Décryptage des biais

Le premier biais que Smil aide à déjouer est le biais du volontarisme. Lorsqu'un gouvernement annonce une accélération, il est tentant de croire que la vitesse politique et la vitesse systémique coïncident. Or une décision politique peut ouvrir une direction sans produire immédiatement les effets matériels correspondants. Les objectifs peuvent être ambitieux et néanmoins se heurter aux délais industriels, aux coûts de financement, à la pénurie d'installateurs ou à la lenteur des rénovations.

Le deuxième biais est celui de la substitution imaginaire. On parle souvent comme si chaque nouvelle technologie effaçait rapidement l'ancienne. Or les systèmes énergétiques fonctionnent fréquemment par empilement. Une économie peut augmenter ses capacités renouvelables tout en continuant à dépendre fortement du pétrole pour ses transports, du gaz pour son chauffage ou des hydrocarbures pour sa pétrochimie.

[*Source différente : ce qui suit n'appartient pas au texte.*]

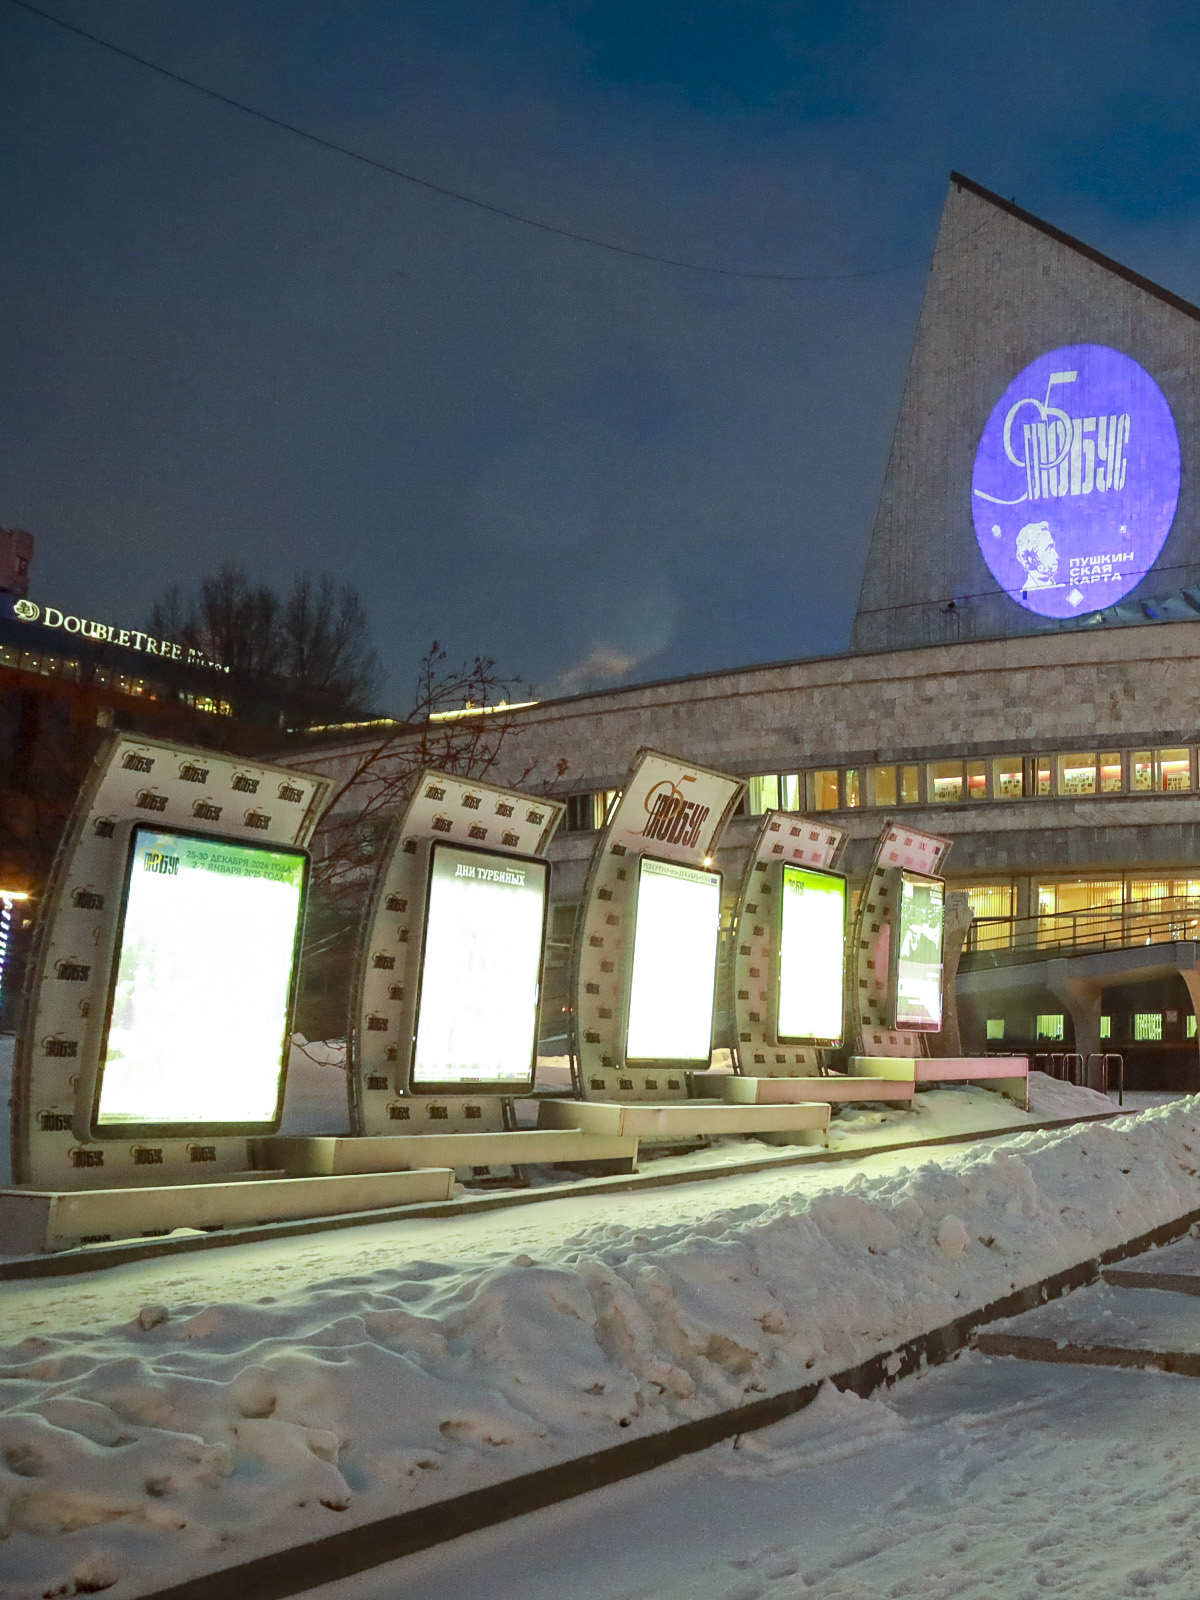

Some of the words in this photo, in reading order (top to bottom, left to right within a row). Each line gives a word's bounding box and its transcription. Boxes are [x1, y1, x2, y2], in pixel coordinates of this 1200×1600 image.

[1069, 552, 1134, 567] ПУШКИН
[1069, 564, 1112, 577] СКАЯ
[1069, 573, 1122, 585] КАРТА
[43, 607, 182, 660] DOUBLETREE
[186, 850, 208, 860] 25-30
[210, 854, 249, 867] ДЕКАБРЯ
[251, 860, 269, 869] 2024
[271, 863, 291, 873] ГОДА
[207, 864, 242, 876] ЯНВАРЯ
[263, 871, 284, 881] ГОДА
[455, 863, 476, 878] ДНИ
[477, 867, 525, 886] ТУРБИНЫХ

Confondre progression d'une solution et disparition d'un problème conduit à de faux diagnostics.

Le troisième biais est moral. Dans les débats publics, rappeler la lenteur des transitions peut être perçu comme une forme de scepticisme ou de tiédeur. C'est une erreur. Chez Smil, la prudence descriptive n'est pas un refus du changement ; c'est la condition d'une politique lucide. Sous-estimer l'ampleur de l'effort, c'est fabriquer des promesses intenables, puis du découragement politique.

Solutions et initiatives

L'apport de Smil ne mène pas à l'inaction. Il conduit au contraire à mieux hiérarchiser les priorités. La première est de considérer l'infrastructure comme l'objet central de la transition. Il ne suffit pas d'encourager des achats individuels ; il faut organiser des réseaux, former des métiers, sécuriser des filières industrielles, rendre les aides lisibles et inscrire les décisions dans une temporalité cohérente.

La deuxième est de penser ensemble production et demande. Une société qui augmente son électricité bas carbone mais ne réduit pas ses besoins thermiques ou sa dépendance aux carburants liquides reste vulnérable. C'est pourquoi les rénovations, l'efficacité énergétique, l'aménagement du territoire et la sobriété organisée comptent autant que les capacités de production.

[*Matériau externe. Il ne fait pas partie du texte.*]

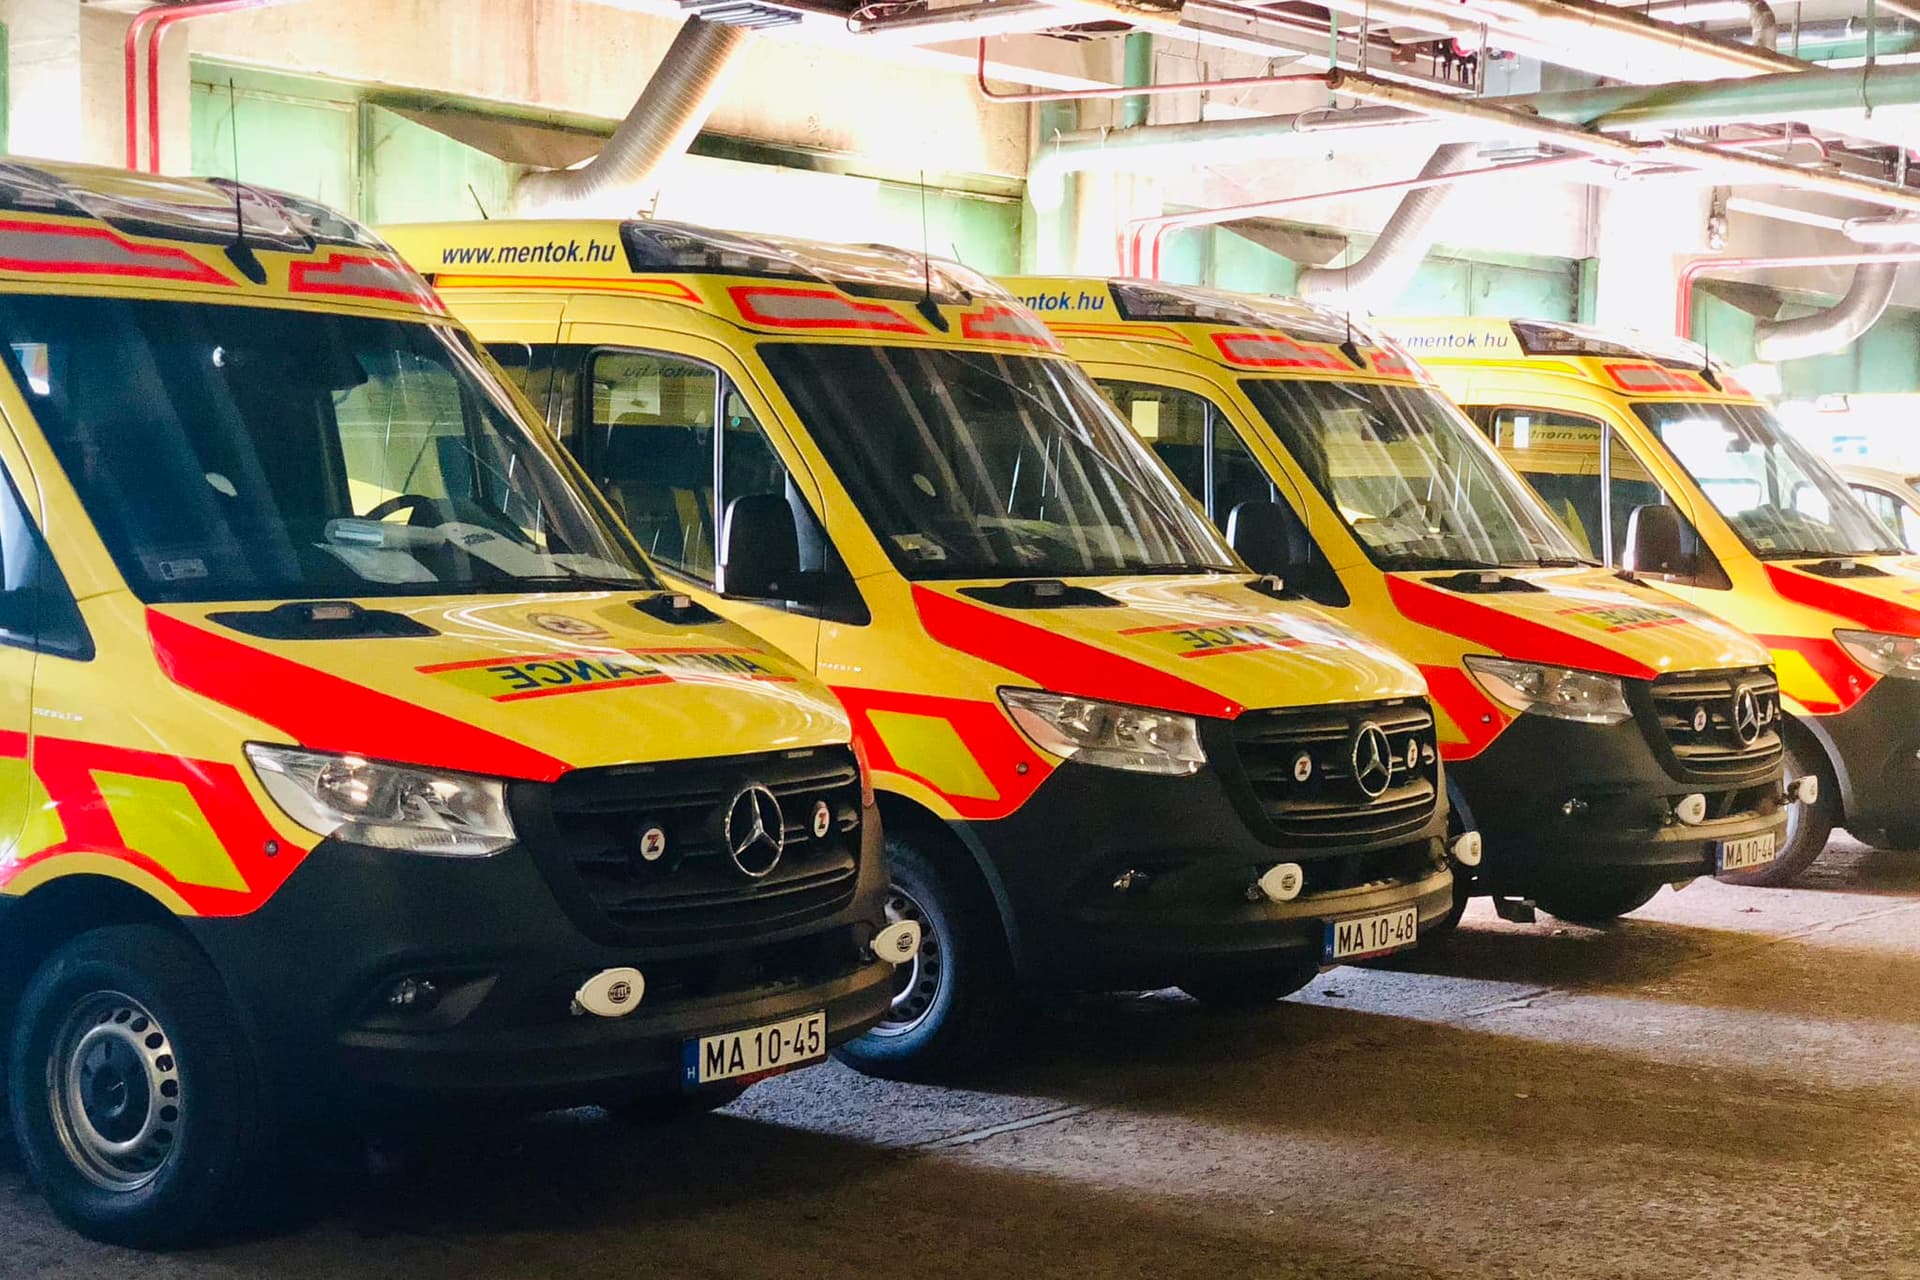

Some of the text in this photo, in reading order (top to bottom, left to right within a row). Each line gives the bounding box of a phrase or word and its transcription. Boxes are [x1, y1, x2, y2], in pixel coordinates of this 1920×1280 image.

[442, 239, 616, 265] www.mentok.hu
[1726, 843, 1743, 867] MA
[1746, 838, 1773, 864] 10-44
[1325, 912, 1414, 955] H MA 10-48
[687, 1018, 820, 1080] H MA 10-45

La troisième est de stabiliser le cap politique. Les transitions longues ont besoin de constance. Les alternances, les signaux contradictoires, les subventions erratiques et les annonces non suivies d'effets ralentissent autant que les contraintes techniques. Une crise peut créer un moment d'attention ; elle ne remplace jamais une stratégie durable.

Conclusion

Vaclav Smil apporte une leçon essentielle au débat énergétique contemporain : la transition n'est ni un slogan ni un miracle technologique, mais un processus historique massif, profondément matériel et généralement lent. Dans un moment où l'Europe redécouvre sa vulnérabilité énergétique, cette pensée aide à distinguer l'urgence réelle des illusions de vitesse.

Pour Le Phare, ce texte fondateur sert de boussole. Il invite à juger les politiques non seulement sur leurs intentions, mais sur leur capacité à transformer réellement les infrastructures et les usages. La vraie question n'est donc pas seulement de savoir si la transition est souhaitable, mais si les sociétés sont prêtes à soutenir pendant vingt ou trente ans les efforts qu'elles disent vouloir lancer aujourd'hui.